Isso foi feito sob o argumento de preservar a fidelidade às Escrituras, porém, uma outra maneira de interpretar a Bíblia foi imposta, mulheres passaram a ser impedidas de ensinar em alguns seminários e igrejas onde houvesse presença masculina e até proibidas de se matricularem em disciplinas - homilética, por exemplo – que, no exercício, as colocariam em suposta posição de autoridade sobre homens. No Brasil, aliados deste tipo de pensamento se colocam apenas como fiéis defensores da inerrância bíblica, defendendo uma interpretação popular (ou literal, como dizem) dos textos sagrados, desconsiderando a cultura* no qual foram produzidos e posicionam-se contrários à consagração de mulheres ao pastorado, sob alegação chantagista de que isso seria uma porta para a aceitação de homossexuais na igreja. Silenciam, entretanto, no que se refere à crença – e fato que vai se consumando - de que mulheres “devem aprender caladas na igreja”. Defender isso publicamente, sem primeiro assumir o comando das instituições que formam o pensamento denominacional (seminários e editoras), seria dar tiros nos pés.

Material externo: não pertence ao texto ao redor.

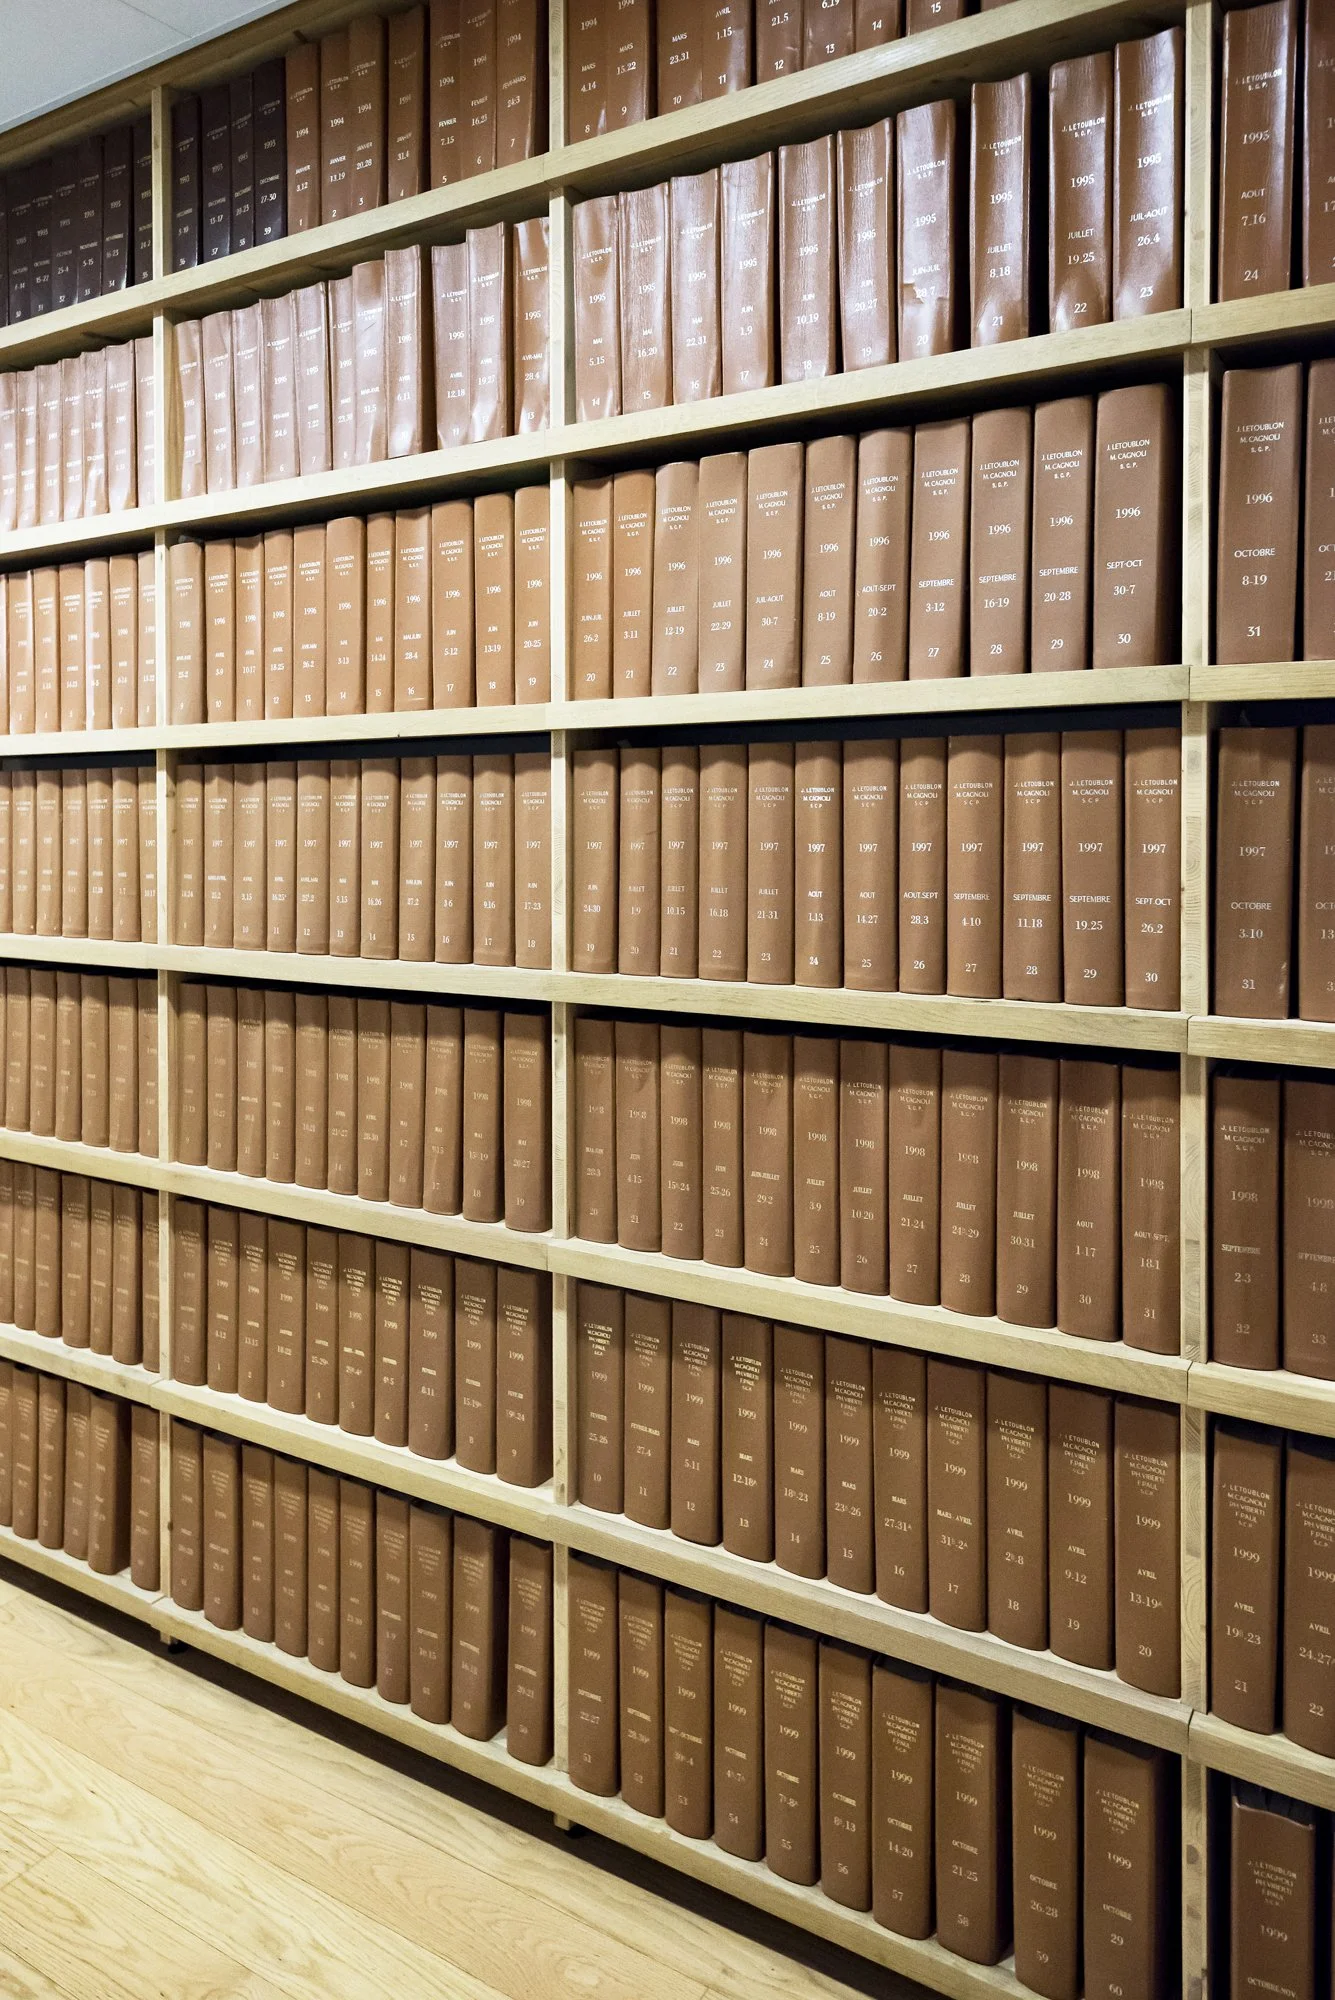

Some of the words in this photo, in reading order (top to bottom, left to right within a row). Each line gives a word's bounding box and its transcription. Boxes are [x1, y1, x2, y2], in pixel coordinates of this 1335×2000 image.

Que ocorrências me fazem pensar no título deste texto?

a) cresce o número de pastores batistas envolvidos em conferências promovidas por organização que representa este pensamento no Brasil;

b) está se tornando comum, por parte de pastores batistas, o discurso da volta aos “pais reformadores”, como se o pensamento dos líderes do passado, especialmente os das reformas do século XVI e XVII, fosse homogêneo e celestial e a volta ao que eles criam fosse a vontade de Deus para a salvação do mundo;

c) há proposta sobre a mesa do Conselho da CBB de criar-se diretor único para os seminários nacionais batistas e também que os seminários da CBB firmem convênio com seminário norte-americano adepto desta linha de pensamento, “para o desenvolvimento do programa de pós-graduação lato e stricto sensu”;

e) sob o argumento da agilidade, busca de espiritualidade ou capacitação (buscas com as quais me afino), o cerco em torno da participação popular em nossas assembleias está se fechando e concentrando-se, cada vez mais, o poder decisório em fóruns com presença menor de batistas;

Não creio que tais ocorrências sejam fruto de orquestração como ocorreu na SBC. Mas nada custa alertar aqueles e aquelas que acreditam que todos somos igualmente filhos de Deus (Gl. 3.26-28), no sentido de estarem atentos, a fim de não permitirmos retrocesso na cidadania da mulher batista, através da aceitação de pensamentos doutrinários heréticos em relação à tradição histórica dos batistas. Se não estivermos atentos, daqui a 50 anos, além do silêncio na igreja, as mulheres voltarão a usar véu, não poderão mais falar com homens em espaços públicos, terão lugar separado, em segundo plano, em nossas “sinagogas” e, quem sabe, aproveitando a moda afegã, serão obrigadas a usar “burca” (pois já há usuárias do véu!), de tão culturalmente “bíblicos” que seremos.


Com mais de 100 anos, estarei no céu, mas nossas netas viverão puríssimas, sob fundamentos “bíblicos” e antecipadamente, no inferno. Quem viver verá!